> BRIEF
Repeat the entries below word for word, though any picture in them should be dropped.

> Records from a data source
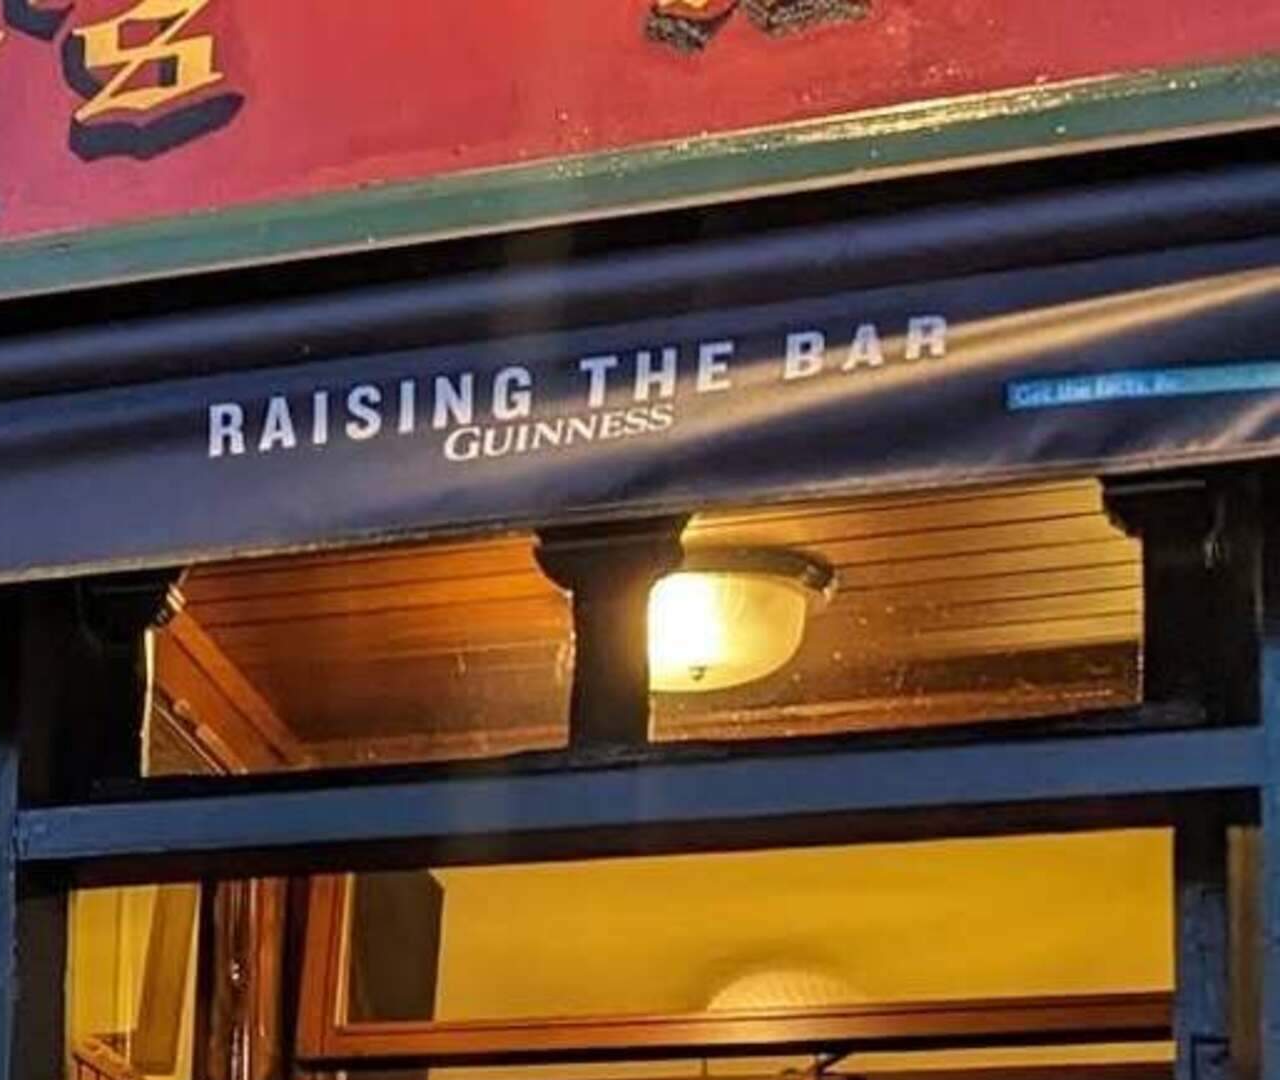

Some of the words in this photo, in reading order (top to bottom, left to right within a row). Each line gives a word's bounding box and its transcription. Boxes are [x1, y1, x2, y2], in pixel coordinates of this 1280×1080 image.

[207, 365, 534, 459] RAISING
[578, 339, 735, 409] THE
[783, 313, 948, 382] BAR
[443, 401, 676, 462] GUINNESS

> SOLUTION TO THE EXERCISE
Some of the words in this photo, in reading order (top to bottom, left to right within a row). Each line gives a word's bounding box and its transcription. Boxes are [x1, y1, x2, y2], in pixel coordinates of this 1280×1080 image.

[207, 365, 534, 459] RAISING
[578, 339, 735, 409] THE
[783, 313, 948, 382] BAR
[443, 401, 676, 462] GUINNESS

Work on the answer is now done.